Bien que 8e et dernière, Rénelle Lamote a fait montre à 21 ans de son aplomb, à l’occasion de sa première finale mondiale sur 800 m aux Mondiaux à Pékin. Récit de cette finale de l’intérieur, avec son coach Thierry Choffin.

Les deux étages (le troisième est fermé) du Nid d’Oiseau dégueulent de spectateurs. Le concours de hauteur s’intensifie, et de régulières clameurs s’élèvent des tribunes. L’atmosphère est particulièrement moite. Au deuxième étape, pile en face de la ligne du 600 mètres, Thierry Choffin trépigne.
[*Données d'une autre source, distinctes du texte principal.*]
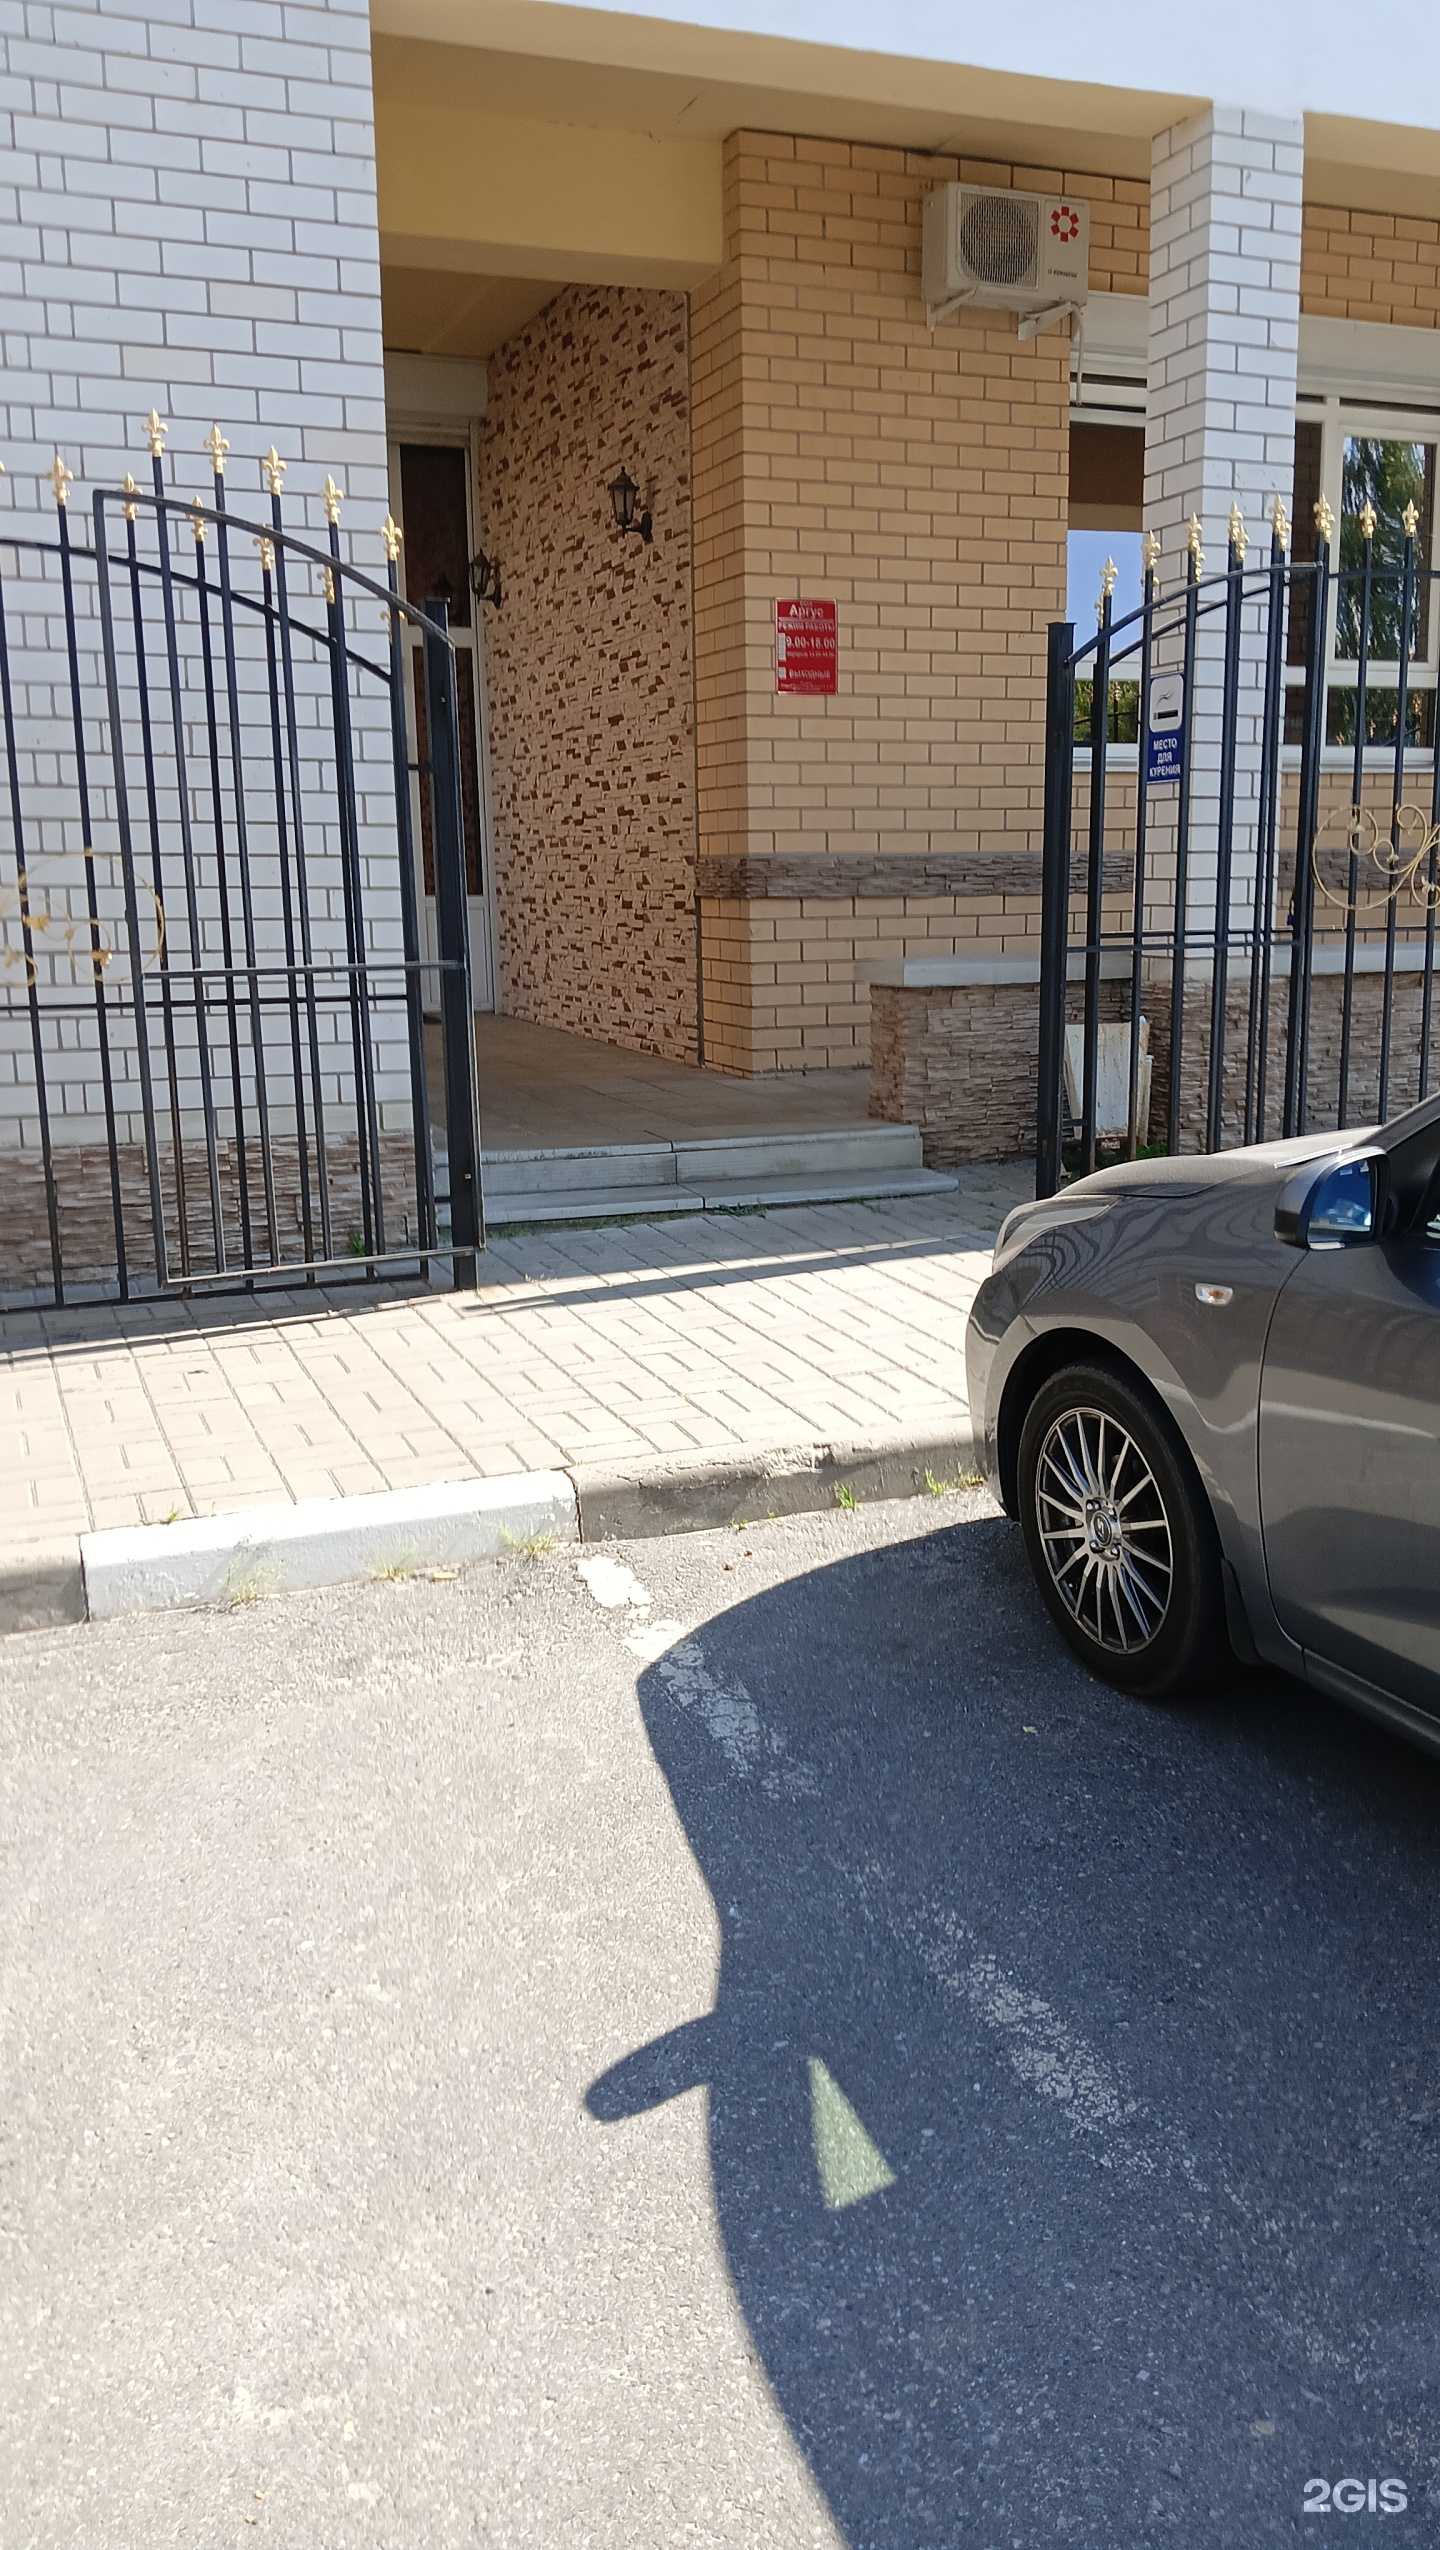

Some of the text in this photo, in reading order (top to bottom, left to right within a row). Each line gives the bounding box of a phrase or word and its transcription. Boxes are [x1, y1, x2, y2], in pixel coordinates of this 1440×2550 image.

[1153, 737, 1178, 750] МЕСТО
[1157, 752, 1173, 764] ДЛЯ
[1149, 764, 1181, 777] КУРЕНИЯ
Le coach de Rénelle Lamote se trouve entre le médecin des équipes de France, Jean-Michel Serra, et Philippe Dupont, manager du demi-fond national.

Pour lui aussi, cette finale est une première. « Je suis un peu tendu » sourit-il. Mais ça ne se voit pas. Et son athlète est dans quel état d’esprit ? Il vient de la quitter sur le stade d’échauffement il y a une quinzaine de minutes. « C’est la première qui y est entrée. Elle est un peu inquiète de ne pas maîtriser le truc ». Anxieux de ne pas pouvoir appliquer les consignes. En fait, elle était sereine. La pression, « c’était juste lors des sériesLà, la gestion de mon stress était vraiment parfaite ».
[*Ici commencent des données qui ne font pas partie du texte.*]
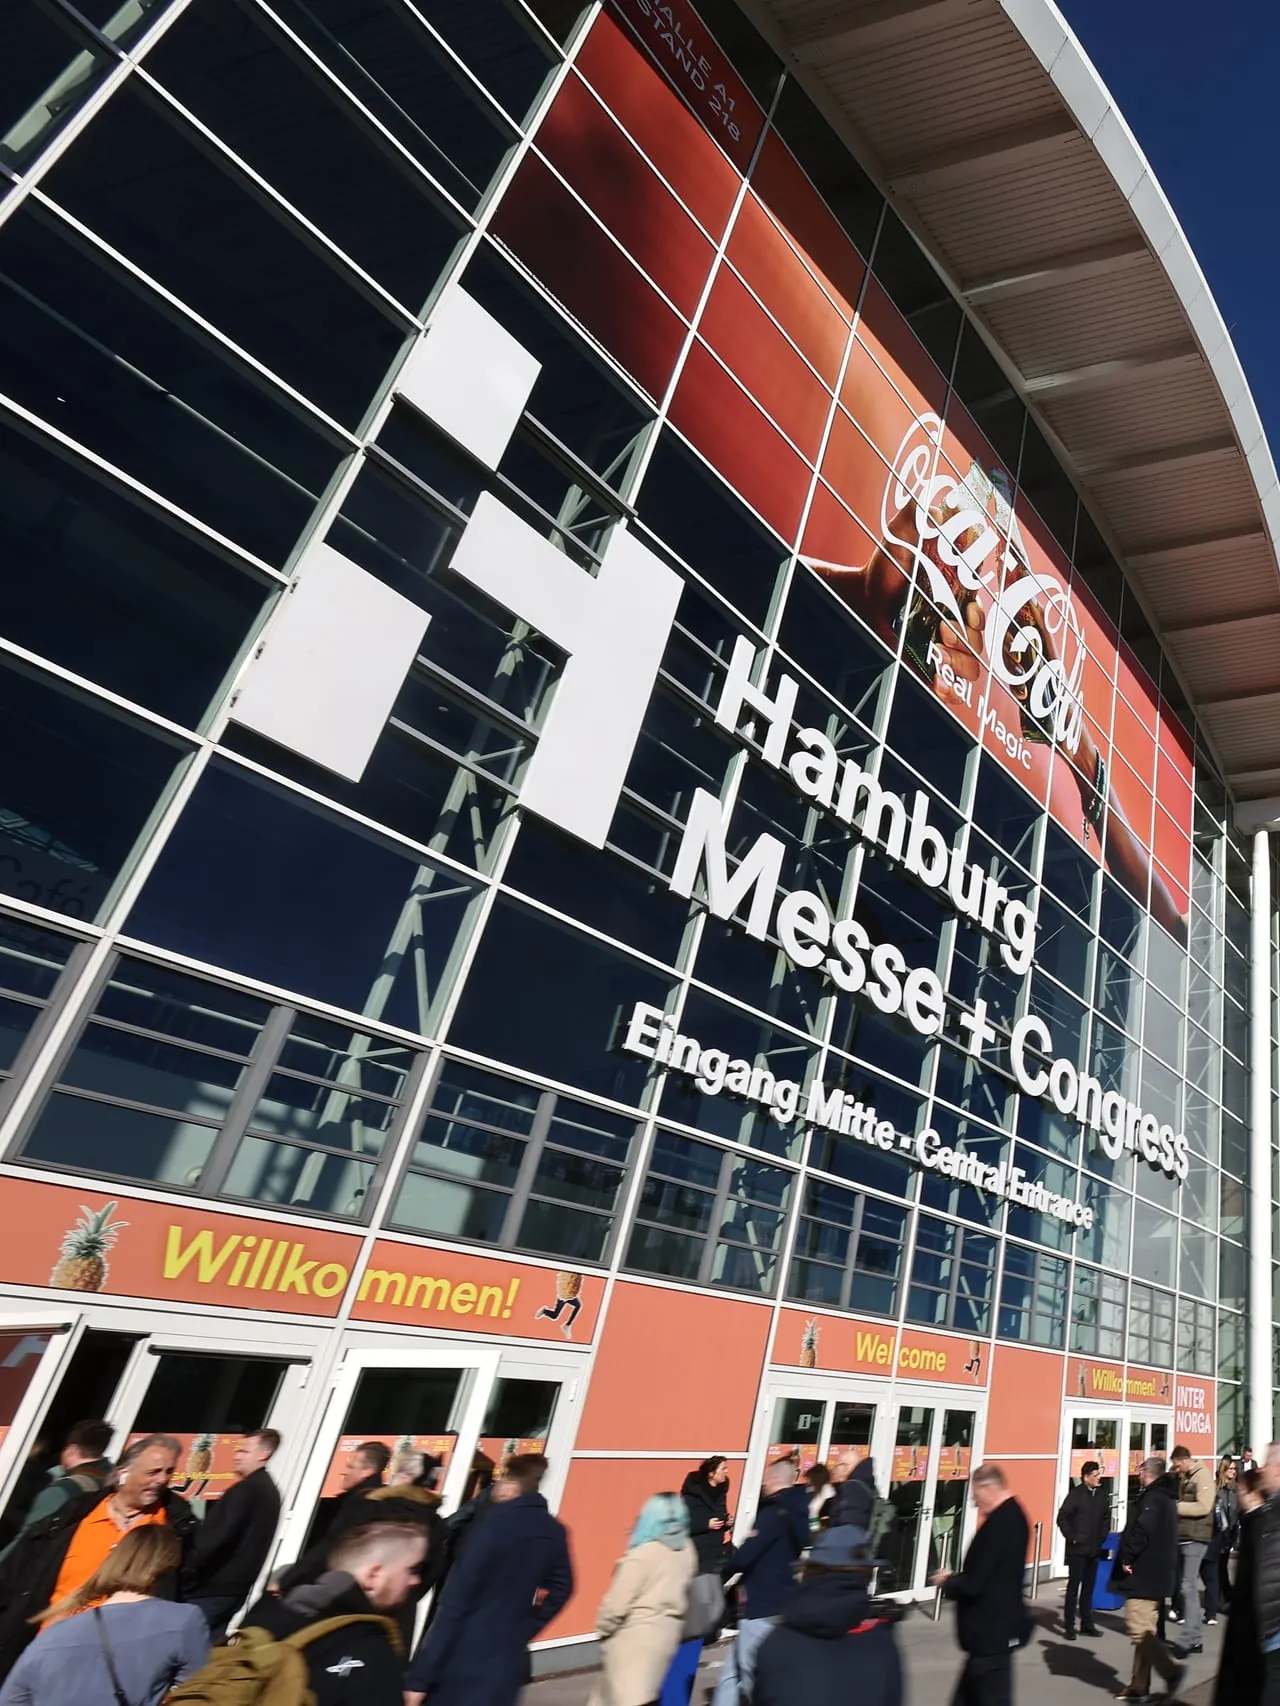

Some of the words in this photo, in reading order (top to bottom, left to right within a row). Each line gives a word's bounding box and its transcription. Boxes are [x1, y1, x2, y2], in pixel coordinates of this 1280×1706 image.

Retour aux consignes. Lesquelles, d’ailleurs ? « Il faut qu’elle soit toujours bien placée ». Un silence. « C’est une sacrée tactique » se marre t-il, avant de développer. « Il ne faut pas qu’elle mène, mais qu’elle soit dans les bonnes places : 3-4e au 400 m ; 2-3e aux 500 m ». Il faut qu’elle soit actrice. « Tu ne peux pas dire : “c’est une finale, c’est top“. Il faut la jouer. Il n’y en aura peut-être pas cinquante ».
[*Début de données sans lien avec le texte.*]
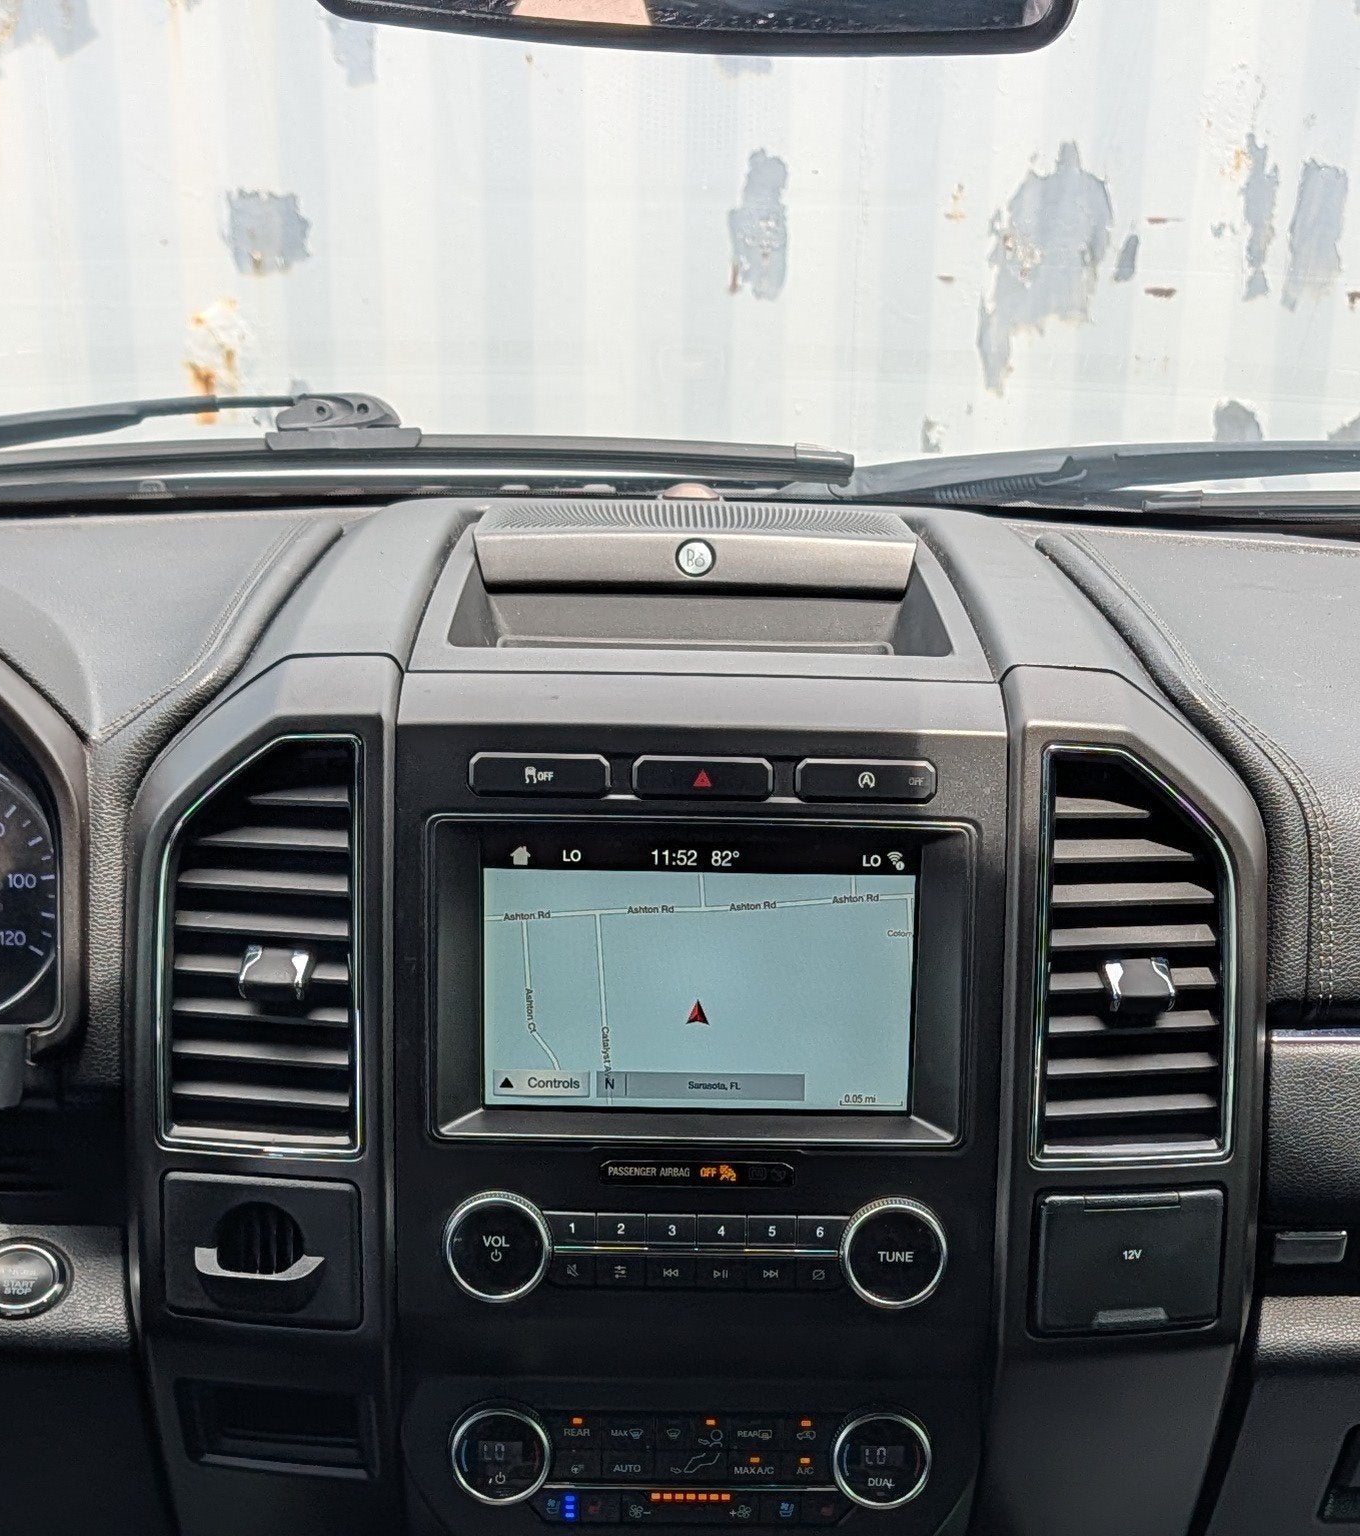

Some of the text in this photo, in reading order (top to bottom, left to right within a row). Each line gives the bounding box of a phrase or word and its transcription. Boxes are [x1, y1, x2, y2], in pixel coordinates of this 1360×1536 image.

[537, 771, 554, 781] OFF
[908, 776, 925, 787] OFF
[562, 850, 582, 862] LO
[651, 850, 698, 866] 11:52
[862, 855, 882, 867] LO
[7, 873, 37, 889] 100
[832, 893, 880, 904] Ashton Rd
[627, 905, 675, 915] Ashton Rd
[729, 901, 777, 911] Ashton Rd
[503, 911, 551, 921] Ashton Rd
[525, 988, 535, 1020] Ashton
[601, 1026, 611, 1063] Catalyst
[527, 1076, 580, 1089] Controls
[605, 1078, 615, 1090] N
[688, 1081, 741, 1091] Sarasota, FL
[844, 1094, 877, 1104] 0.05 mi
[608, 1166, 717, 1178] PASSENGER AIRBAG OFF
[569, 1222, 576, 1234] 1
[617, 1223, 626, 1234] 2
[668, 1224, 677, 1236] 3
[717, 1226, 726, 1236] 4
[768, 1226, 776, 1237] 5
[816, 1226, 824, 1237] 6
[482, 1235, 510, 1247] VOL
[878, 1251, 915, 1263] TUNE
[1122, 1249, 1143, 1260] 12V
[3, 1280, 36, 1288] START
[4, 1287, 32, 1295] STOP
[563, 1428, 591, 1437] REAR
[610, 1429, 629, 1437] MAX
[613, 1464, 641, 1473] AUTO
[734, 1466, 775, 1475] MAX A/C
[796, 1466, 815, 1475] A/C
[867, 1477, 896, 1488] DUAL
Lui vient alors une anecdote. « En 2012, elle avait fait ses premiers France Elite alors qu’elle était junior. Elle avait attaqué aux 400 m les (Linda) Marguet, (Elodie) Guégan etc…Elle avait craqué et avait terminé 7e en 2’07’’ (8e en 2’08’’08 en fait, ndlr). Je lui avais dit : “Ce n’est pas grave, tu as essayé“. Là, c’est un peu pareil ».

Thierry Choffin (Photo Capture d'écran Arnaud Choisy - FFA)

Thierry Choffin (Photo Capture d’écran Arnaud Choisy – FFA)

Moins de cinq minutes. L’ancien sprinteur (lire ici) savoure. « Oui, c’est top d’être là. Ça va vite…On a rempli tous les objectifs que l’on s’était fixés en début d’année ». Rénelle Lamote est la première à sortir des entrailles du Nid d’Oiseau. Présentation des athlètes. Au couloir 2, la Française est la première à apparaître sur les écrans géants. Thierry Choffin immortalise l’instant.

Les visages défilent. Melissa Bishop apparaît. « Elle sort d’où ? » questionne t-il. La Canadienne a retranché deux secondes à son record perso en demies (1’57’’52 contre 1’59’’52), presque comme la Marocaine Rababe Arafi (1’58’’55 contre 2’00’’37). Lamote elle-même a gagné cinq dixièmes (1’58’’86 contre 1’59’’39).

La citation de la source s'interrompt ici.